Supplied entries:
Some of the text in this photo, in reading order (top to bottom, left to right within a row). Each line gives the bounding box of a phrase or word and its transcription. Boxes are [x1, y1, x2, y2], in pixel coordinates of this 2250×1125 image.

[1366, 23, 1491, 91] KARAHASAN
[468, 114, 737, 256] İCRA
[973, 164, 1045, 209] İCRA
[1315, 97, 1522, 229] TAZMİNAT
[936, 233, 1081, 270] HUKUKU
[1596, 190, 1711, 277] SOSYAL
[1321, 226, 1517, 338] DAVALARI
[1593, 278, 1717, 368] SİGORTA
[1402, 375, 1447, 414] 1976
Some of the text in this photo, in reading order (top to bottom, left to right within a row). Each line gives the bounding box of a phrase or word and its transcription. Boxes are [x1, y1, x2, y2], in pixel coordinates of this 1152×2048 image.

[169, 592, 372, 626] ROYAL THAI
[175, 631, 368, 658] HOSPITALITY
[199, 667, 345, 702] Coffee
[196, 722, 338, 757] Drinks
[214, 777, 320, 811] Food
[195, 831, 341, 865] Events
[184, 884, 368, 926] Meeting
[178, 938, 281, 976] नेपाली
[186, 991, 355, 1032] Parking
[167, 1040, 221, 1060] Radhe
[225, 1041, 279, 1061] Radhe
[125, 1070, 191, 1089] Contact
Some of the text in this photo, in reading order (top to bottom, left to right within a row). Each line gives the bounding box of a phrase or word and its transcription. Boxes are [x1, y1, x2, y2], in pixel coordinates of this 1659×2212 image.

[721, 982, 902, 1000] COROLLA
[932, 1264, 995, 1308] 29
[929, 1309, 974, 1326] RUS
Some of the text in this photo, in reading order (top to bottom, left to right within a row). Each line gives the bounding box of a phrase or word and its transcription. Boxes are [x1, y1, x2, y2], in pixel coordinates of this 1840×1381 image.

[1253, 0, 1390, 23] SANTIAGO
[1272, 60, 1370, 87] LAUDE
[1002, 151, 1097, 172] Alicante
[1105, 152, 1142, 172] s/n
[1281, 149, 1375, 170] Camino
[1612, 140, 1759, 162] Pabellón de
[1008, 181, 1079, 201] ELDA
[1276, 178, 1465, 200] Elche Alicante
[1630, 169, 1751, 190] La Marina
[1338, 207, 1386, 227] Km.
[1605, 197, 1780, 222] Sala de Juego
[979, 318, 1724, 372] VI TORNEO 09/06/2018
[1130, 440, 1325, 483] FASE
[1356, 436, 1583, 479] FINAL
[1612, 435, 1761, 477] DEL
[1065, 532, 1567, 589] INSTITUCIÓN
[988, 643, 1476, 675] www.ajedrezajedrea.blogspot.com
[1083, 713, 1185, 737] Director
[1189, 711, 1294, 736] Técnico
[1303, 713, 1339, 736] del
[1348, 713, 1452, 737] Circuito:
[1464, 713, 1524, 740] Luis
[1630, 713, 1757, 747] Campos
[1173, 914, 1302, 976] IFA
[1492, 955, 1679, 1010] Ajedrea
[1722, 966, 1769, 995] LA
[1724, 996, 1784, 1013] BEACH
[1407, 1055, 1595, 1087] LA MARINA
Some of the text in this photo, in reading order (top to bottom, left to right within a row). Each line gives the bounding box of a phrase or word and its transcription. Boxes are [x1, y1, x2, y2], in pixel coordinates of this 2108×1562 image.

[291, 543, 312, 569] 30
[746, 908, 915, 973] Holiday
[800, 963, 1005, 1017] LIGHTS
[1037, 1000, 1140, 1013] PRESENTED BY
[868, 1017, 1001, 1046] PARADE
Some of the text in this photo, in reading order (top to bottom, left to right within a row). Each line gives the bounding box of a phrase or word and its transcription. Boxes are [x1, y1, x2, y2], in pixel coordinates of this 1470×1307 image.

Instructions to follow: All the lines above must be output exactly, with none omitted.

Written reply:
Some of the text in this photo, in reading order (top to bottom, left to right within a row). Each line gives the bounding box of a phrase or word and its transcription. Boxes are [x1, y1, x2, y2], in pixel coordinates of this 2250×1125 image.

[1366, 23, 1491, 91] KARAHASAN
[468, 114, 737, 256] İCRA
[973, 164, 1045, 209] İCRA
[1315, 97, 1522, 229] TAZMİNAT
[936, 233, 1081, 270] HUKUKU
[1596, 190, 1711, 277] SOSYAL
[1321, 226, 1517, 338] DAVALARI
[1593, 278, 1717, 368] SİGORTA
[1402, 375, 1447, 414] 1976
Some of the text in this photo, in reading order (top to bottom, left to right within a row). Each line gives the bounding box of a phrase or word and its transcription. Boxes are [x1, y1, x2, y2], in pixel coordinates of this 1152×2048 image.

[169, 592, 372, 626] ROYAL THAI
[175, 631, 368, 658] HOSPITALITY
[199, 667, 345, 702] Coffee
[196, 722, 338, 757] Drinks
[214, 777, 320, 811] Food
[195, 831, 341, 865] Events
[184, 884, 368, 926] Meeting
[178, 938, 281, 976] नेपाली
[186, 991, 355, 1032] Parking
[167, 1040, 221, 1060] Radhe
[225, 1041, 279, 1061] Radhe
[125, 1070, 191, 1089] Contact
Some of the text in this photo, in reading order (top to bottom, left to right within a row). Each line gives the bounding box of a phrase or word and its transcription. Boxes are [x1, y1, x2, y2], in pixel coordinates of this 1659×2212 image.

[721, 982, 902, 1000] COROLLA
[932, 1264, 995, 1308] 29
[929, 1309, 974, 1326] RUS
Some of the text in this photo, in reading order (top to bottom, left to right within a row). Each line gives the bounding box of a phrase or word and its transcription. Boxes are [x1, y1, x2, y2], in pixel coordinates of this 1840×1381 image.

[1253, 0, 1390, 23] SANTIAGO
[1272, 60, 1370, 87] LAUDE
[1002, 151, 1097, 172] Alicante
[1105, 152, 1142, 172] s/n
[1281, 149, 1375, 170] Camino
[1612, 140, 1759, 162] Pabellón de
[1008, 181, 1079, 201] ELDA
[1276, 178, 1465, 200] Elche Alicante
[1630, 169, 1751, 190] La Marina
[1338, 207, 1386, 227] Km.
[1605, 197, 1780, 222] Sala de Juego
[979, 318, 1724, 372] VI TORNEO 09/06/2018
[1130, 440, 1325, 483] FASE
[1356, 436, 1583, 479] FINAL
[1612, 435, 1761, 477] DEL
[1065, 532, 1567, 589] INSTITUCIÓN
[988, 643, 1476, 675] www.ajedrezajedrea.blogspot.com
[1083, 713, 1185, 737] Director
[1189, 711, 1294, 736] Técnico
[1303, 713, 1339, 736] del
[1348, 713, 1452, 737] Circuito:
[1464, 713, 1524, 740] Luis
[1630, 713, 1757, 747] Campos
[1173, 914, 1302, 976] IFA
[1492, 955, 1679, 1010] Ajedrea
[1722, 966, 1769, 995] LA
[1724, 996, 1784, 1013] BEACH
[1407, 1055, 1595, 1087] LA MARINA
Some of the text in this photo, in reading order (top to bottom, left to right within a row). Each line gives the bounding box of a phrase or word and its transcription. Boxes are [x1, y1, x2, y2], in pixel coordinates of this 2108×1562 image.

[291, 543, 312, 569] 30
[746, 908, 915, 973] Holiday
[800, 963, 1005, 1017] LIGHTS
[1037, 1000, 1140, 1013] PRESENTED BY
[868, 1017, 1001, 1046] PARADE
Some of the text in this photo, in reading order (top to bottom, left to right within a row). Each line gives the bounding box of a phrase or word and its transcription. Boxes are [x1, y1, x2, y2], in pixel coordinates of this 1470×1307 image.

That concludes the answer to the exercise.